Moment of crisis for the EU
Posted by Jason Apollo Voss on Feb 10, 2010 in Blog | 0 commentsBecause several of the European Economic Union’s members are at the precipice of crisis, especially Greece, the EU finds itself in unchartered territory. This territory is likely to shake the EU to its very core and might even lead to the dissolution of the Union.
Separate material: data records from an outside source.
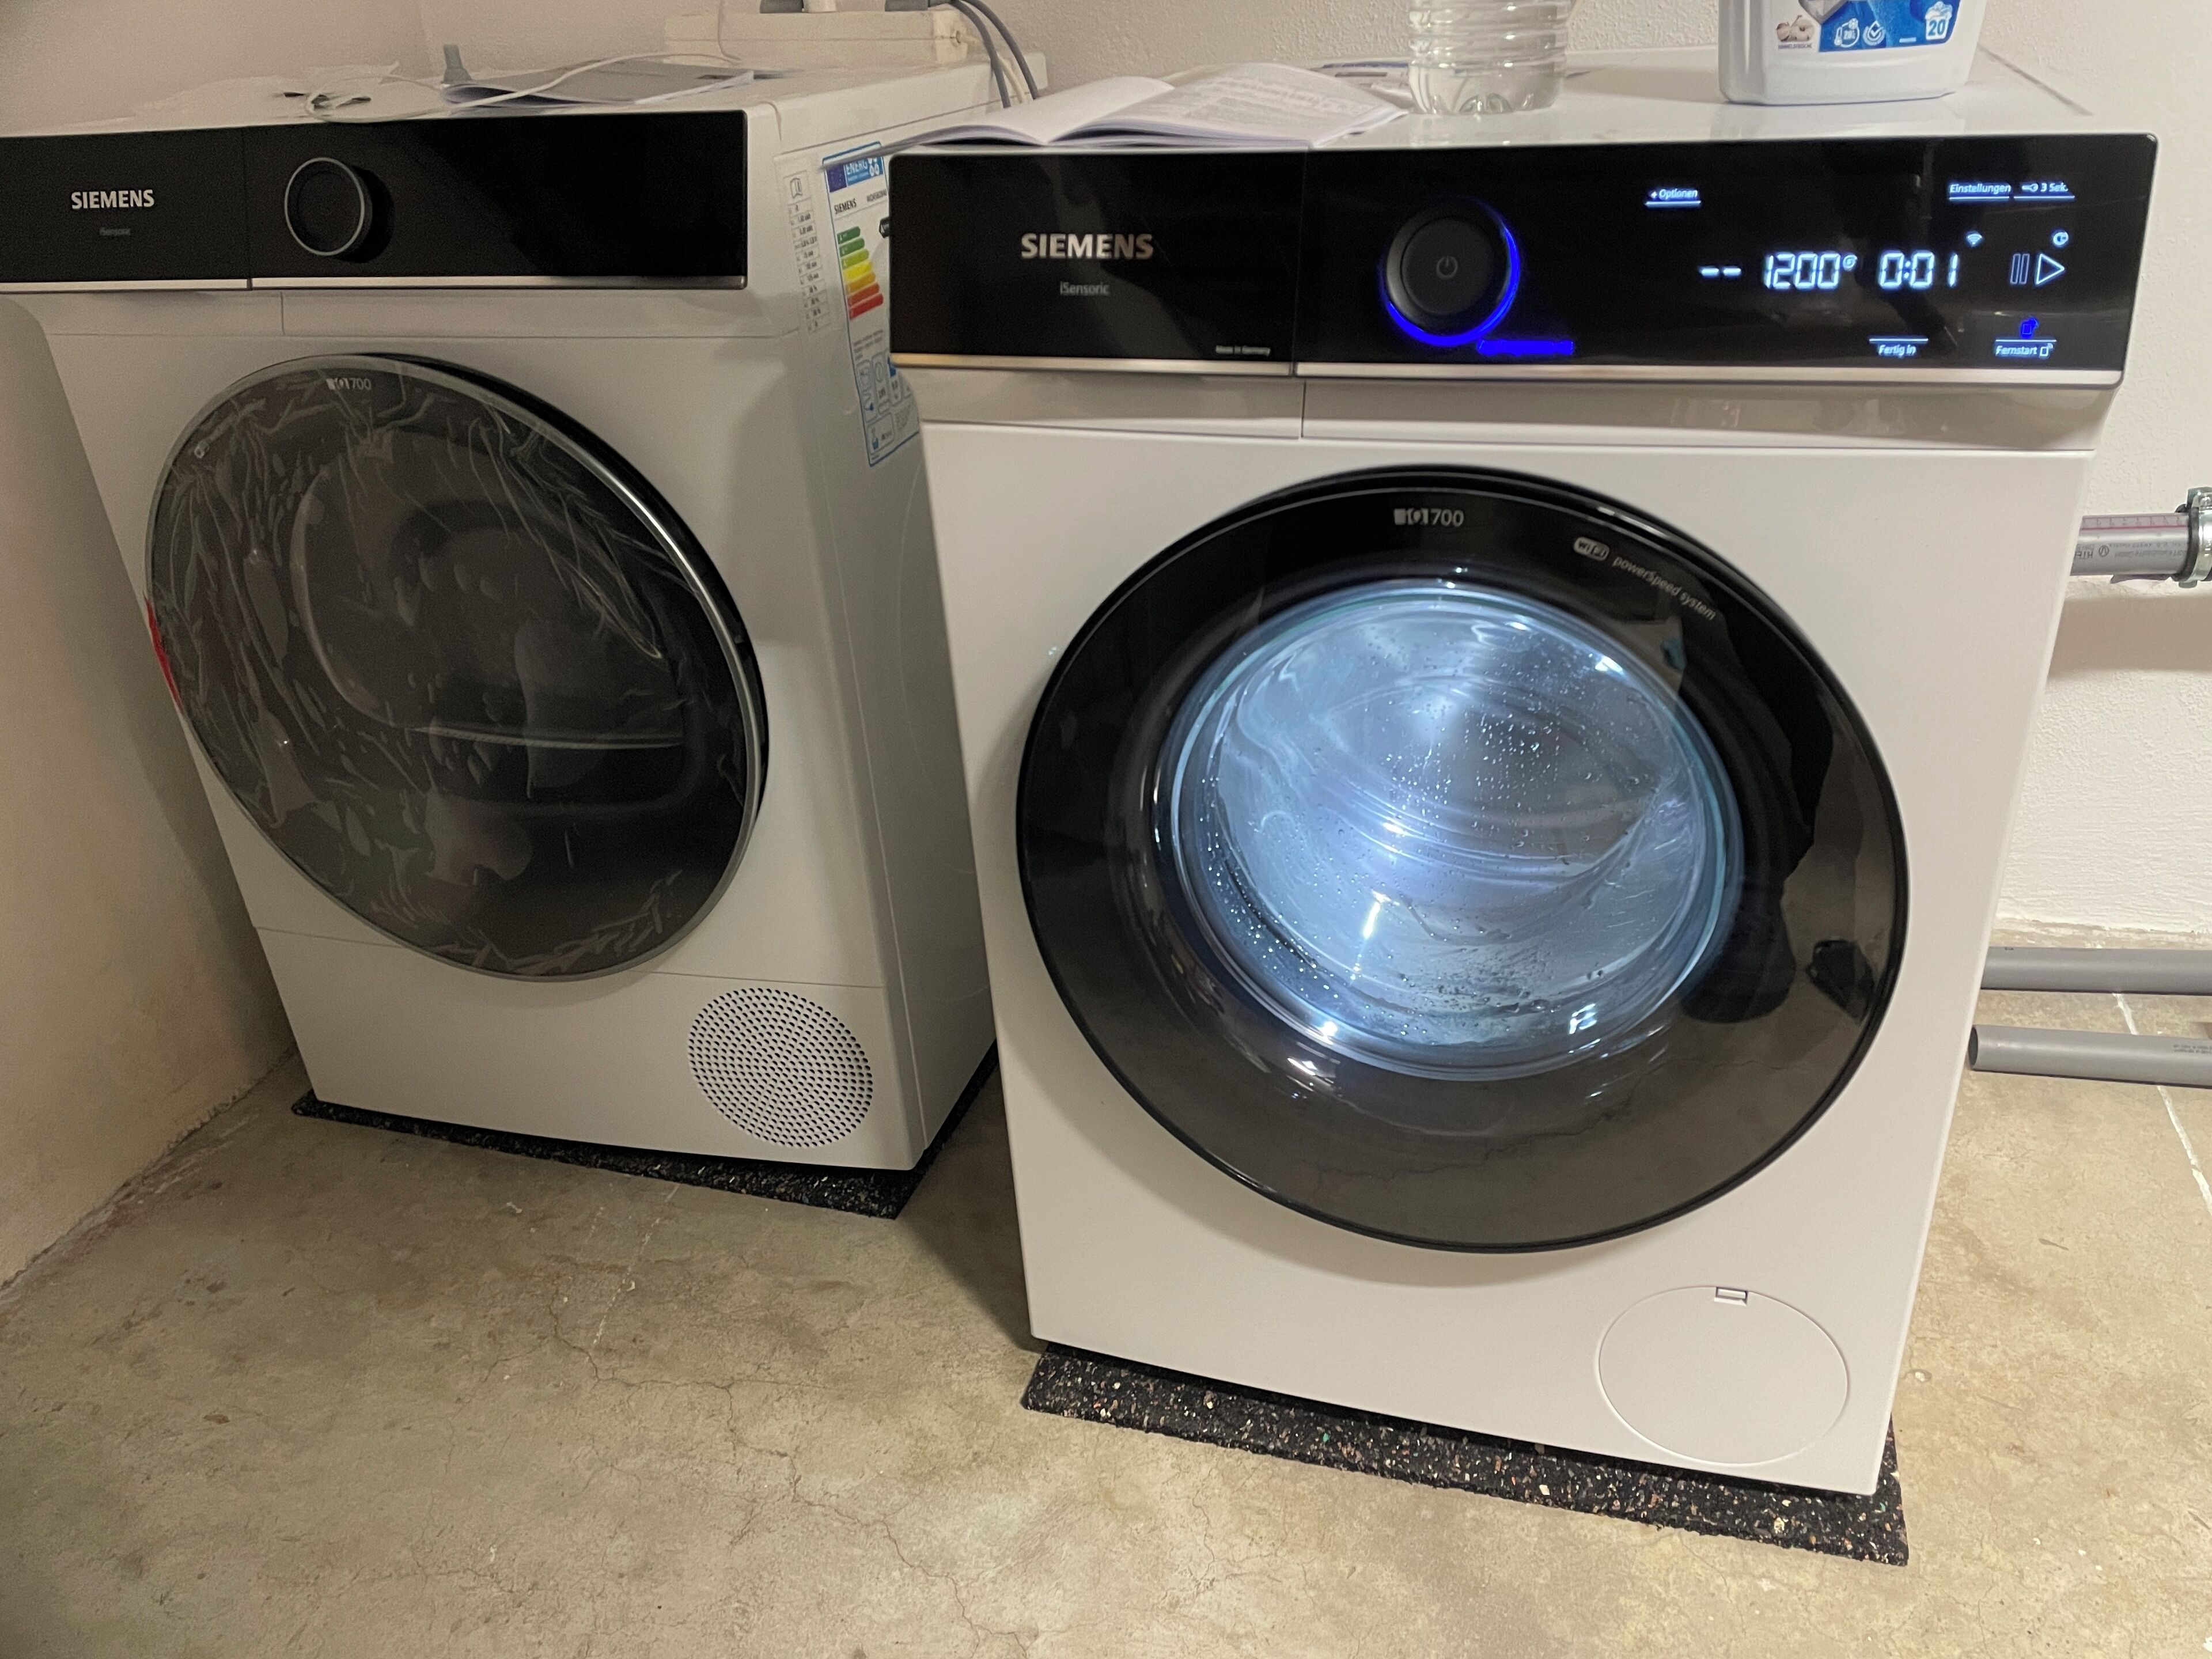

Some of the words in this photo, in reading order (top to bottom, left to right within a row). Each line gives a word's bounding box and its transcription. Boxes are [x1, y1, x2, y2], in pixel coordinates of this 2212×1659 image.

[1929, 20, 1945, 36] 20
[1659, 188, 1698, 200] Optionen
[1950, 183, 2011, 195] Einstellungen
[2040, 183, 2047, 192] 3
[71, 189, 155, 209] SIEMENS
[834, 198, 857, 214] SIEMENS
[1021, 233, 1154, 259] SIEMENS
[1764, 252, 1842, 288] 1200
[1060, 281, 1111, 296] iSensoric
[1878, 345, 1905, 358] Fertig
[1906, 345, 1917, 355] in
[1995, 346, 2037, 356] Fernstart
[1679, 592, 1717, 620] system
Since World War Two Germany has remained the economic engine for Europe, yet because of its instigator role in the War, it was explicitly denied both a military or much say in international affairs. Not only that, but the fruits of the German economy have also been used by the rest of Europe to fund all manner of projects and boondoggles. However, that began to change in 2003 when Germany was finally reunified. And finally there is an issue of substance that only the Germans really have the power to fix. The economies of Greece, Italy, Portugal and Spain (the GIPS, or rearrange the letters and you have the PIGS) are all in budgetary crisis at a moment when no nation in the EU has the ability to bail them out, except for Germany.
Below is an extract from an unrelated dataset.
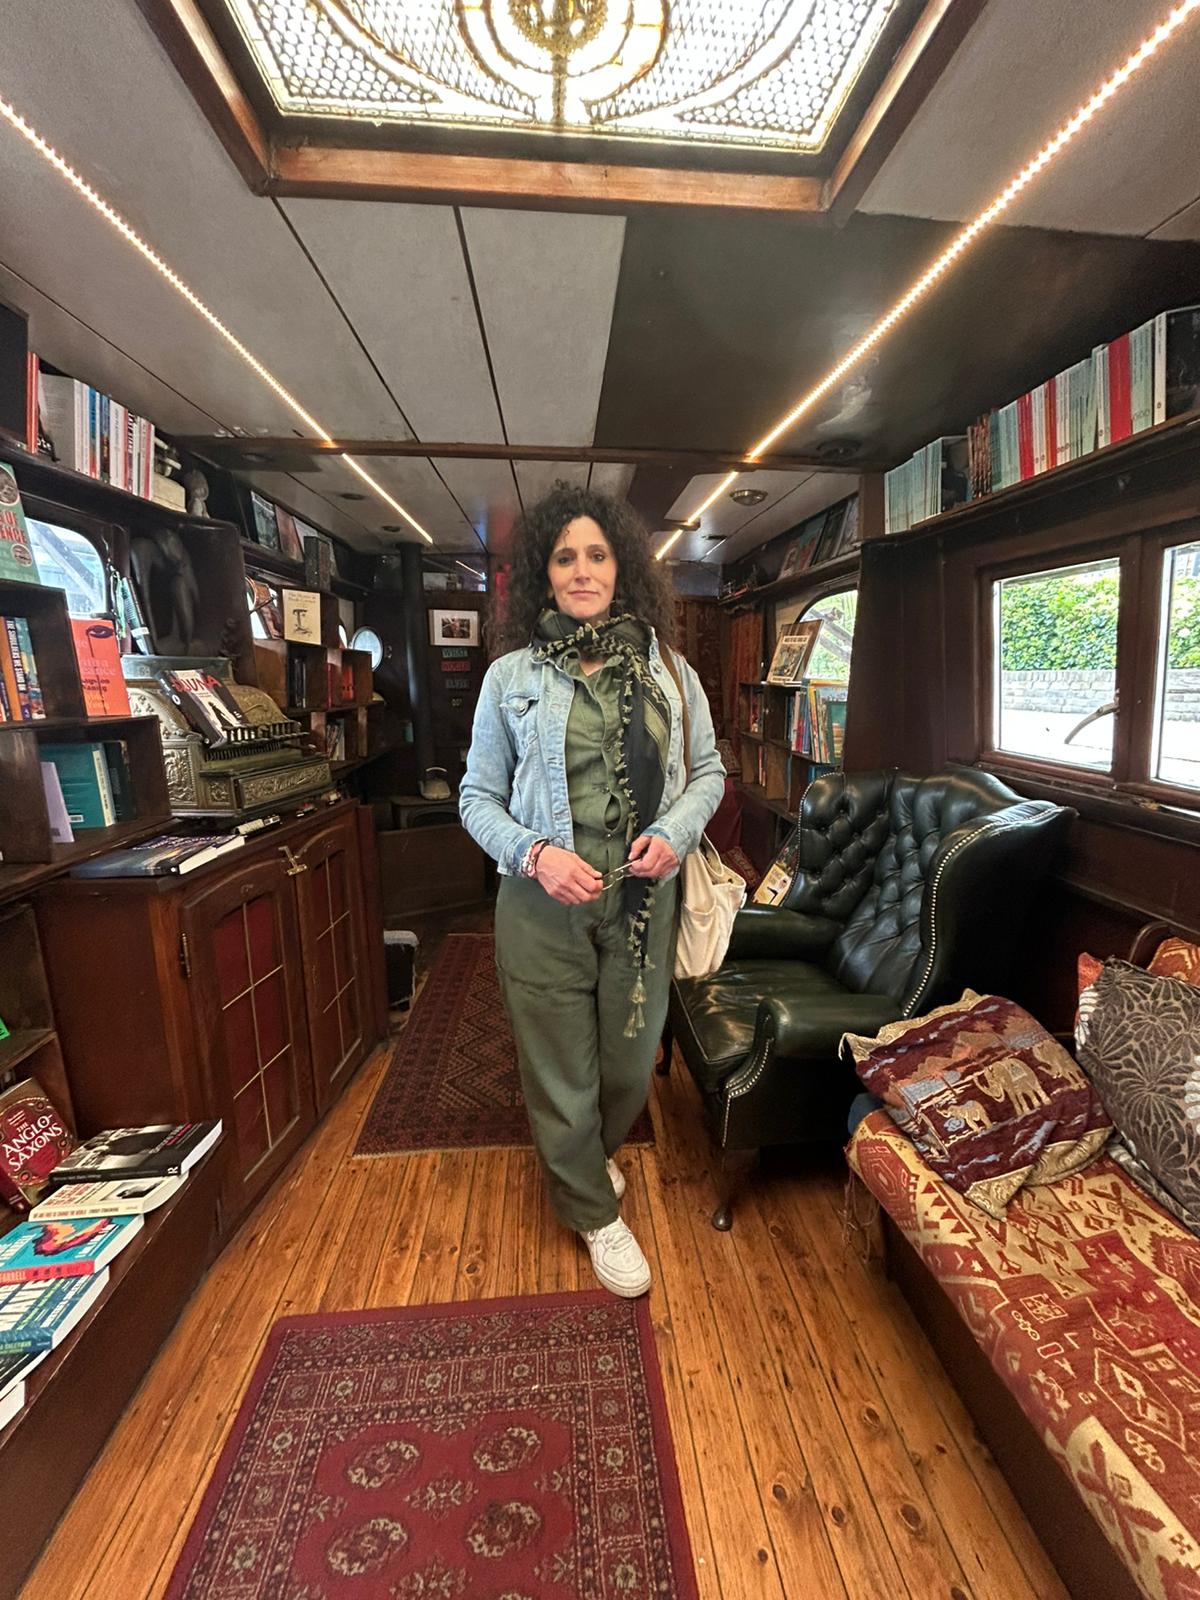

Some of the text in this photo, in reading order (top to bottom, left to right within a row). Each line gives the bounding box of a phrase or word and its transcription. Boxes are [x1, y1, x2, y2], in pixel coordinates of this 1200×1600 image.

As proposed right now the bailout of these four nations is estimated to cost $1 trillion large. Ouch! If Germany punts and decides against aiding Greece, and the rest of the GIPS, then the EU’s most powerful nation would have skipped out on the very purpose of the EU. It would be if the US decided to abandon the United Nations. How relevant would the UN be without the US? Not very. But if Germany rises to the occassion and decides to bailout the GIPS nations then Germany will never again acquiesce to the EU and will overnight become its most powerful member. This course of action will make the EU, with an emboldened Germany, about as cohesive and potent as the UN is with the U.S. as the global hegemon. That is, not very cohesive and not very potent.
We live in interesting times, Folks (Volks, if you live in a Germany-dominated EU)!